[[ Listed entries open ]]
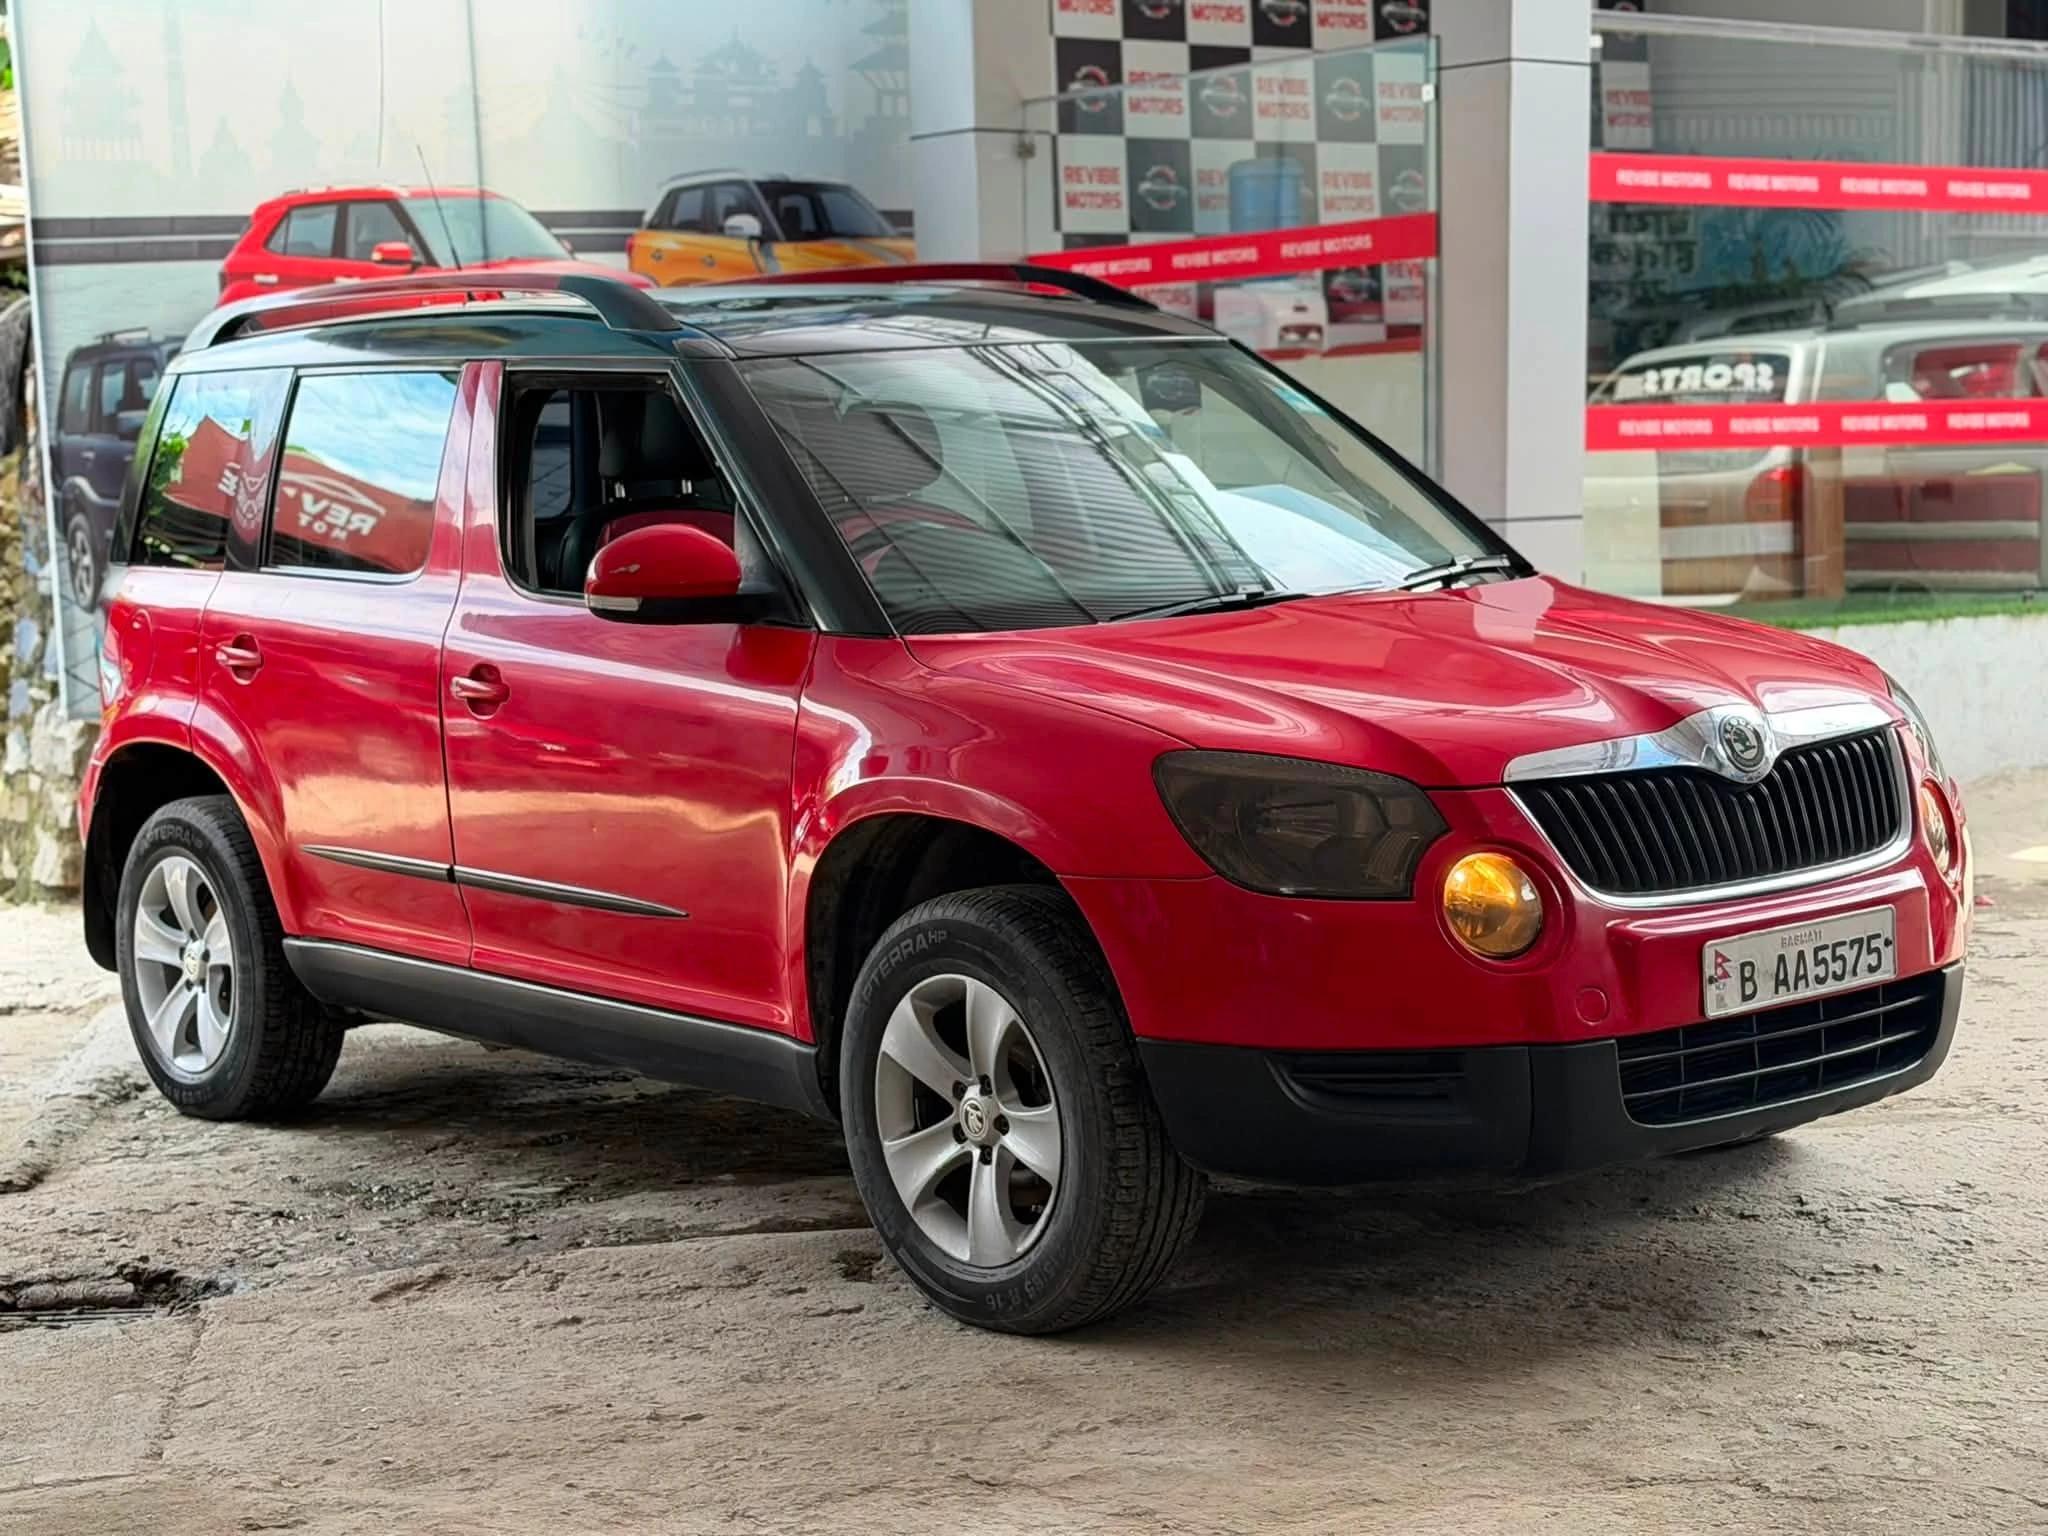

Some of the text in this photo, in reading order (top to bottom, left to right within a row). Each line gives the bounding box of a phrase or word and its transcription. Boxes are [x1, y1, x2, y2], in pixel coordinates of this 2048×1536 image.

[1059, 0, 1114, 16] MOTORS
[1191, 4, 1245, 24] MOTORS
[1316, 11, 1368, 30] MOTORS
[1128, 96, 1184, 114] MOTORS
[1258, 102, 1311, 120] MOTORS
[1063, 165, 1121, 185] REVIBE
[1616, 168, 1712, 190] REVIBE MOTORS
[1728, 173, 1820, 193] REVIBE MOTORS
[1840, 176, 1928, 197] REVIBE MOTORS
[1947, 180, 2031, 200] REVIBE MOTORS
[1065, 192, 1122, 210] MOTORS
[1280, 234, 1373, 259] REVIBE MOTORS
[1108, 257, 1152, 275] MOTORS
[1172, 247, 1258, 269] REVIBE MOTORS
[1618, 418, 1713, 437] REVIBE MOTORS
[1729, 416, 1820, 434] REVIBE MOTORS
[1840, 413, 1928, 432] REVIBE MOTORS
[1946, 411, 2030, 429] REVIBE MOTORS
[1739, 932, 1882, 1003] B AA5575
[[ Listed entries closed ]]
(Work request) Return the records above verbatim, images excluded.

(Answer to the problem)
Some of the text in this photo, in reading order (top to bottom, left to right within a row). Each line gives the bounding box of a phrase or word and its transcription. Boxes are [x1, y1, x2, y2], in pixel coordinates of this 2048×1536 image.

[1059, 0, 1114, 16] MOTORS
[1191, 4, 1245, 24] MOTORS
[1316, 11, 1368, 30] MOTORS
[1128, 96, 1184, 114] MOTORS
[1258, 102, 1311, 120] MOTORS
[1063, 165, 1121, 185] REVIBE
[1616, 168, 1712, 190] REVIBE MOTORS
[1728, 173, 1820, 193] REVIBE MOTORS
[1840, 176, 1928, 197] REVIBE MOTORS
[1947, 180, 2031, 200] REVIBE MOTORS
[1065, 192, 1122, 210] MOTORS
[1280, 234, 1373, 259] REVIBE MOTORS
[1108, 257, 1152, 275] MOTORS
[1172, 247, 1258, 269] REVIBE MOTORS
[1618, 418, 1713, 437] REVIBE MOTORS
[1729, 416, 1820, 434] REVIBE MOTORS
[1840, 413, 1928, 432] REVIBE MOTORS
[1946, 411, 2030, 429] REVIBE MOTORS
[1739, 932, 1882, 1003] B AA5575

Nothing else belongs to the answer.